▸ Problem details:
Although the entries contain pictures, write out only their text, exactly as it stands.

▸ Free-text object descriptions:
= Beginning of Section =

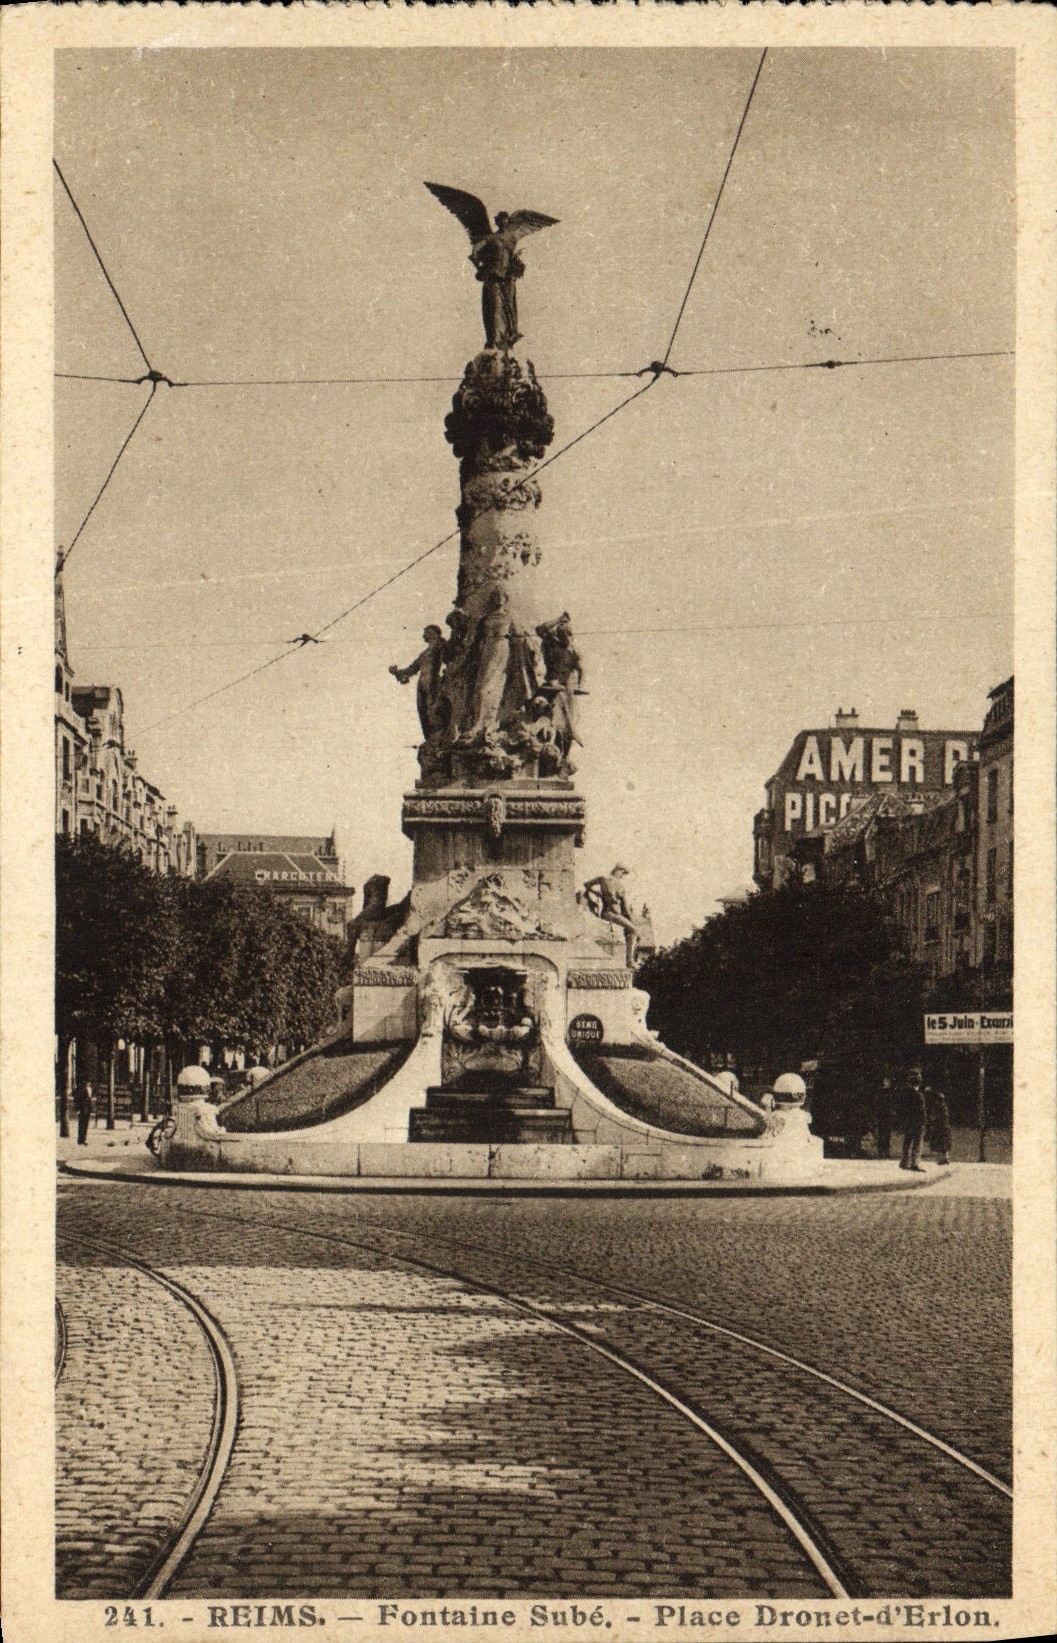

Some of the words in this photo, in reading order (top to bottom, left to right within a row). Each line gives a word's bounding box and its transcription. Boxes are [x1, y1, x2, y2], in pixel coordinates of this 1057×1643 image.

[796, 735, 924, 783] AMER
[944, 738, 980, 784] P
[938, 1016, 948, 1030] 5
[949, 1015, 974, 1029] Juin
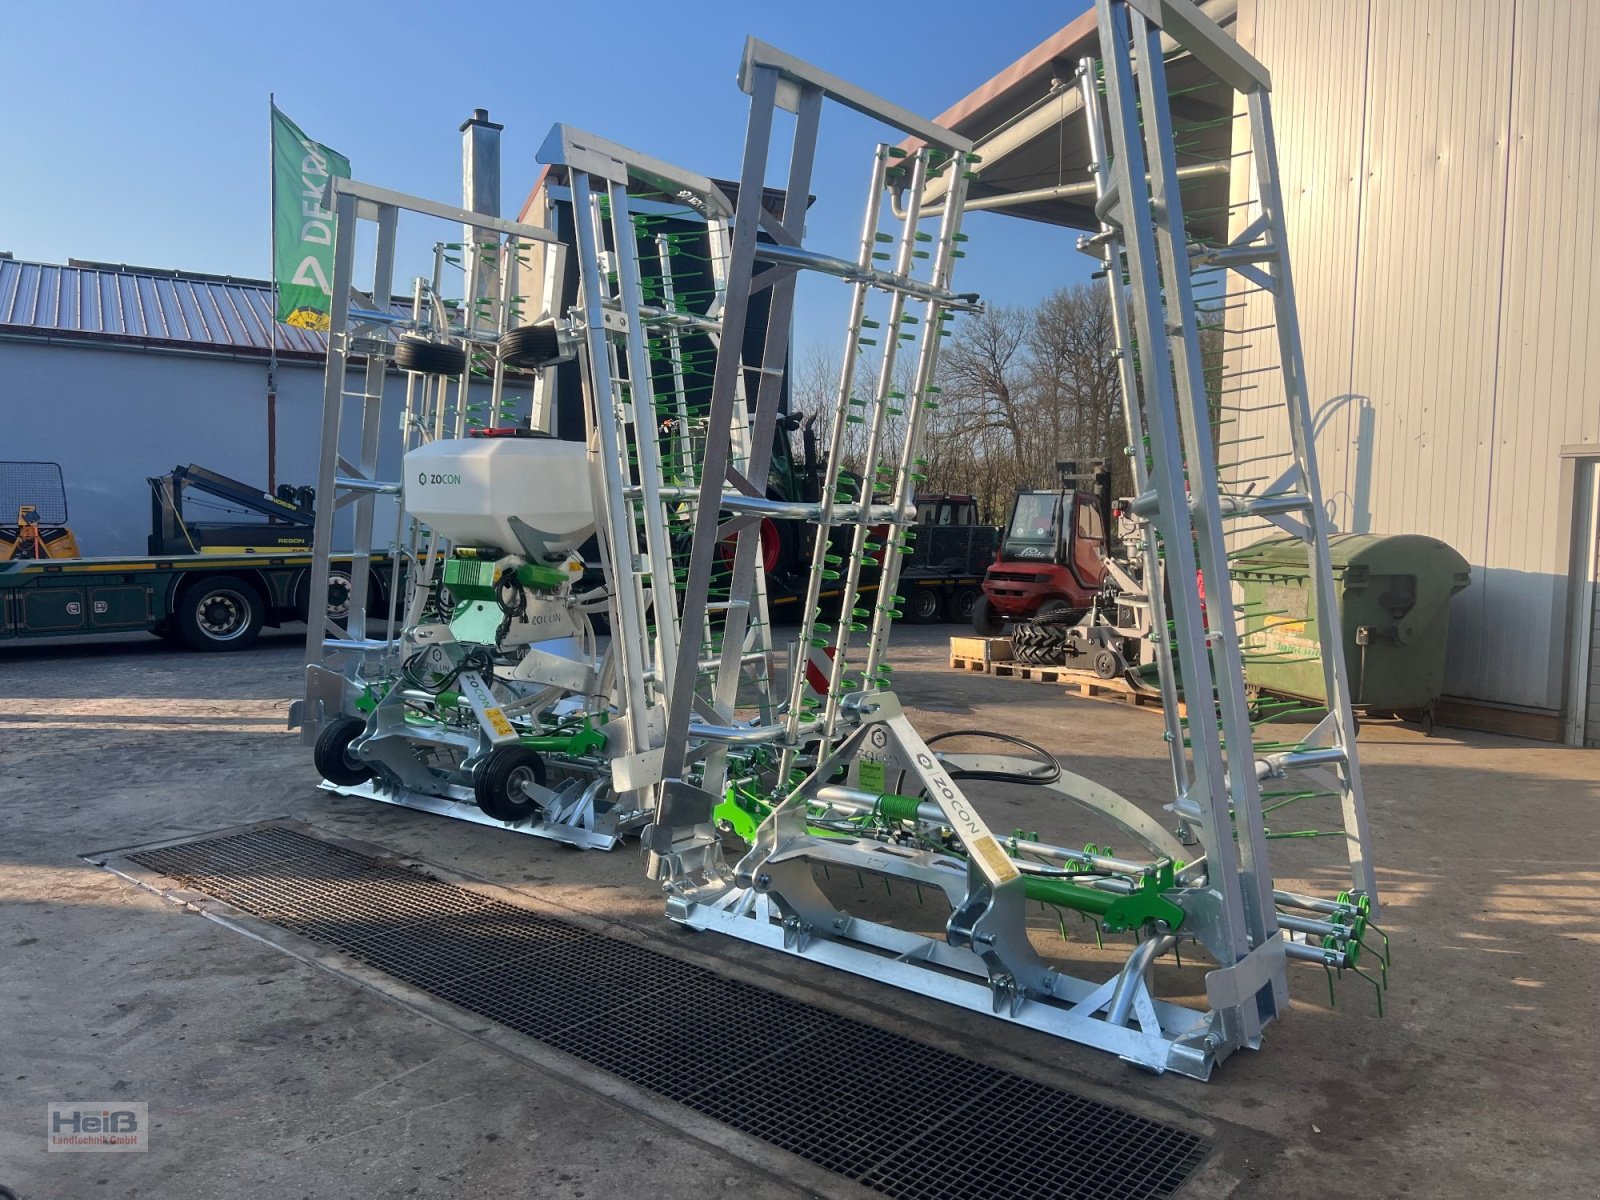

= End of Section =

▸ Task response:
Some of the words in this photo, in reading order (top to bottom, left to right within a row). Each line gives a word's bounding box and its transcription. Boxes are [x1, y1, x2, y2], in pixel coordinates of this 1057×1643 image.

[796, 735, 924, 783] AMER
[944, 738, 980, 784] P
[938, 1016, 948, 1030] 5
[949, 1015, 974, 1029] Juin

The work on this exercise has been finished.